— Your goal —
A verbatim copy of every entry is required. Produce it now.

+ + + + +

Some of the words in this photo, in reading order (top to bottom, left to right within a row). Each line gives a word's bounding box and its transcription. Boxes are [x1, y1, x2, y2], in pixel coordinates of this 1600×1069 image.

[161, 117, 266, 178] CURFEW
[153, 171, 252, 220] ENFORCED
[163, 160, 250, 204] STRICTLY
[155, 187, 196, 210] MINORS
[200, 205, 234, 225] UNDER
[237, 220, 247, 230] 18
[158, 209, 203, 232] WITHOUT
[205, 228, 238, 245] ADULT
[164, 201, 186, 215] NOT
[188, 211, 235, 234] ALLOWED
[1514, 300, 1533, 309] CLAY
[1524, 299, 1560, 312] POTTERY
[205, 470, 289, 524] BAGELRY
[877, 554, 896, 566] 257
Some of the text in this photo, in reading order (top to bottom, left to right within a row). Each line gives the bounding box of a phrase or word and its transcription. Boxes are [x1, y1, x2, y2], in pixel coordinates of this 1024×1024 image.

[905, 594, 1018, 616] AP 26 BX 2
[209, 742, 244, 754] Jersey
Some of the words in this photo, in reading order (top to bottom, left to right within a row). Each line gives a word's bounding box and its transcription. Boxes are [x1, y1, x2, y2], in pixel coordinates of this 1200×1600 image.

+ + + + +

— Solution to this problem —
Some of the words in this photo, in reading order (top to bottom, left to right within a row). Each line gives a word's bounding box and its transcription. Boxes are [x1, y1, x2, y2], in pixel coordinates of this 1600×1069 image.

[161, 117, 266, 178] CURFEW
[153, 171, 252, 220] ENFORCED
[163, 160, 250, 204] STRICTLY
[155, 187, 196, 210] MINORS
[200, 205, 234, 225] UNDER
[237, 220, 247, 230] 18
[158, 209, 203, 232] WITHOUT
[205, 228, 238, 245] ADULT
[164, 201, 186, 215] NOT
[188, 211, 235, 234] ALLOWED
[1514, 300, 1533, 309] CLAY
[1524, 299, 1560, 312] POTTERY
[205, 470, 289, 524] BAGELRY
[877, 554, 896, 566] 257
Some of the text in this photo, in reading order (top to bottom, left to right within a row). Each line gives the bounding box of a phrase or word and its transcription. Boxes are [x1, y1, x2, y2], in pixel coordinates of this 1024×1024 image.

[905, 594, 1018, 616] AP 26 BX 2
[209, 742, 244, 754] Jersey
Some of the words in this photo, in reading order (top to bottom, left to right within a row). Each line gives a word's bounding box and its transcription. Boxes are [x1, y1, x2, y2], in pixel coordinates of this 1200×1600 image.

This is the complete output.